If the New York Fed ‘s standards are updated, stablecoin issuer Circle may be “ineligible” to access the Fed’s money market.

The plans of stablecoin issuer Circle to use the Fed’s services are questionable as a result of the New York Federal Reserve’s publication of new requirements for counterparties wishing to use its money market balancer.

The New York Fed announced modifications to its rules governing who is qualified to take part in its reverse repurchase agreements (RRP) in a statement on April 25.

The revised regulations might make it more difficult for Circle to participate in the Fed’s reverse-repurchase programme, which involves the Fed selling securities to qualified counterparties with an agreement to buy them back at maturity.

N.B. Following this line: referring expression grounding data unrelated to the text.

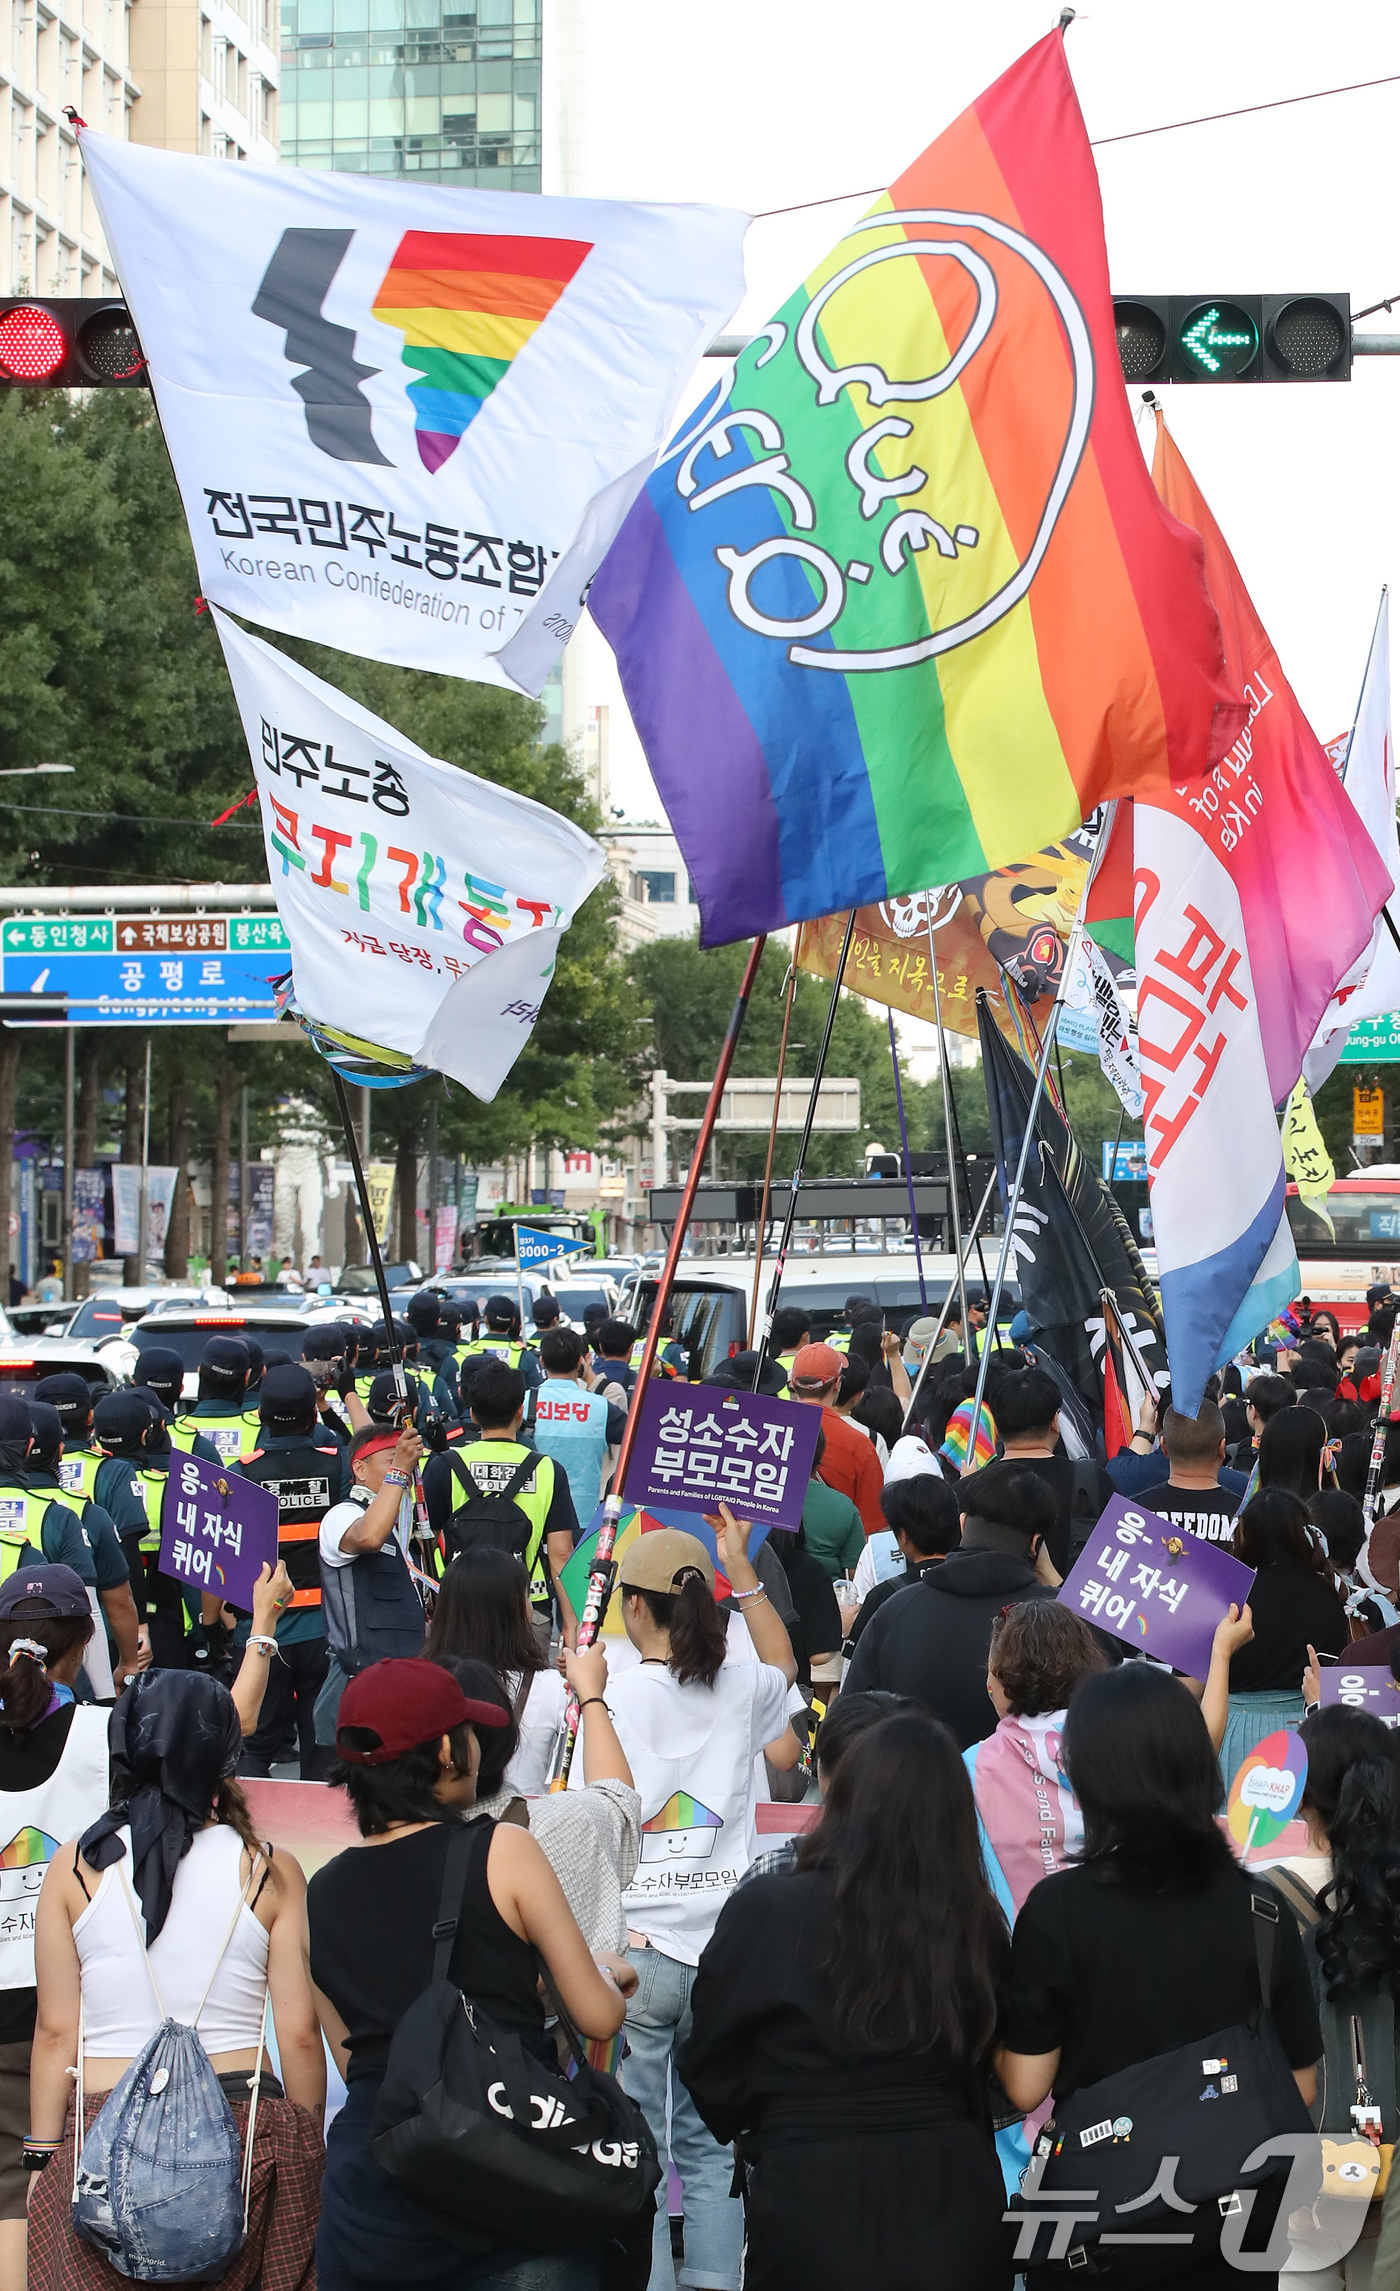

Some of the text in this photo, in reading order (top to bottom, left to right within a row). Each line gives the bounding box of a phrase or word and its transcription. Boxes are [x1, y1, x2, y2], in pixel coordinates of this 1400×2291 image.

[203, 487, 560, 597] 전국민주노동조합
[219, 548, 315, 584] Korean
[325, 560, 470, 628] Confederation
[479, 604, 507, 631] of
[260, 713, 411, 817] 민주노총
[268, 791, 444, 931] 무지개
[29, 924, 109, 948] 동인청사
[141, 923, 226, 948] 국채보상공원
[235, 922, 291, 945] 봉산육
[519, 1244, 565, 1258] 3000-2
[536, 1401, 590, 1422] 진보당
[658, 1407, 795, 1461] 성소수자
[648, 1486, 669, 1496] Parents
[669, 1488, 680, 1496] and
[681, 1489, 703, 1499] Families
[651, 1447, 788, 1502] 부모모임
[279, 1496, 323, 1508] OLICE
[176, 1501, 243, 1557] 내 자식
[172, 1539, 213, 1585] 퀴어
[1096, 1545, 1189, 1614] 내 자식
[1079, 1578, 1137, 1631] 퀴어
[1035, 1789, 1056, 1822] and
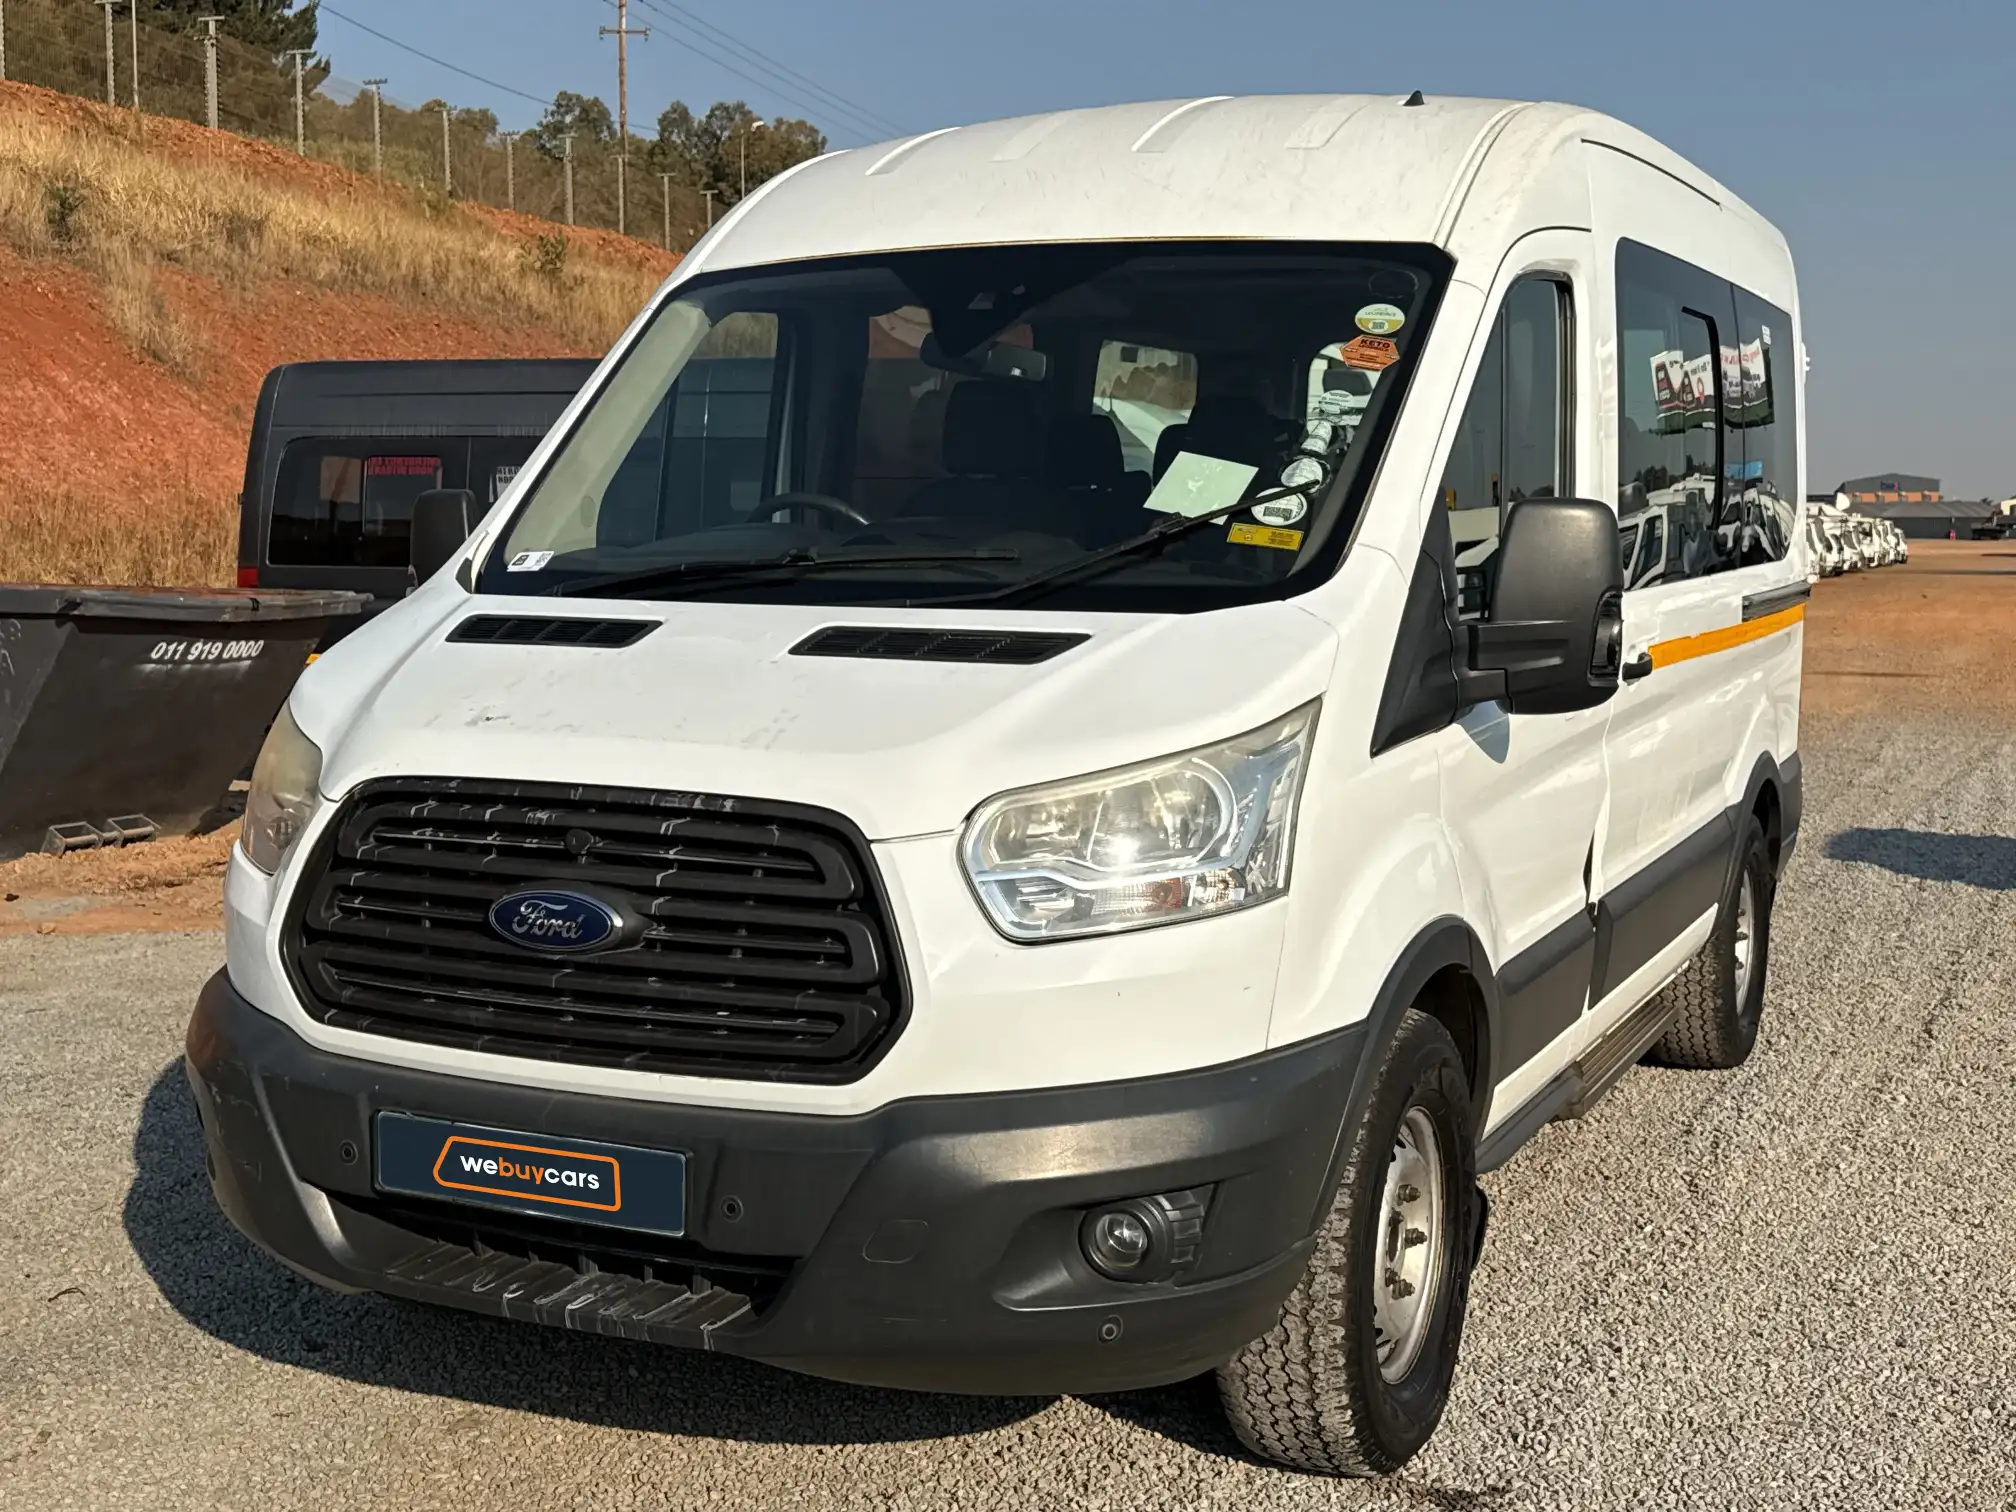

The New York Fed asserts that access to such a system “should be a natural extension of an existing business model, and the counterparty should not be organised for the purpose of accessing RPP operations.”

“SEC-registered 2a-7 funds that, in the sole judgment of the New York Fed, are organized for a single beneficial owner, or exhibit sufficient similarities to a fund so organized, generally will be deemed ineligible to access reverse repo operations.”

One such 2a-7 vehicle that is solely accessible to Circle is the Circle Reserve vehicle, a money market fund managed by investment management company BlackRock. As a result, the Circle Reserve Fund might be “deemed ineligible” in accordance with the Fed’s announcement.

The rules governing 2a-7 government money market funds are designed to make sure that these funds can promptly satisfy any prospective investor redemption requests.

A minimum of 10% of the total assets of the funds in this category must be held in daily liquid assets, and a minimum of 30% of the total assets must be held in weekly liquid assets.

By investing surplus funds in low-risk Treasury securities, Circle would be able to earn income and contribute to the stability of its stablecoin, USD Coin, if the Fed’s programme were approved.

Circle’s vice president for Asia-Pacific, Raagulan Pathy, stated to Cointelegraph in March that the company “would ultimately like to keep” all of its funds at the Fed and “use the payment rails to the Fed because that moves us away from our reliance on TradFi partners.”

At the time, it was observed that Circle still maintained 80% of its deposits and treasuries, despite its closer ties to BNY Mellon and its new financial alliance with Cross River.

Since the depeg of USDC followed the failure of Silicon Valley Bank on March 10, Circle has recently shifted its attention to having “more banking partnerships on a global basis,” according to Pathy.

Only in November did Circle make the announcement that it has started putting some of its money into the Circle Reserve Fund in order to reduce risks and maintain the holders’ capacity to redeem their tokens.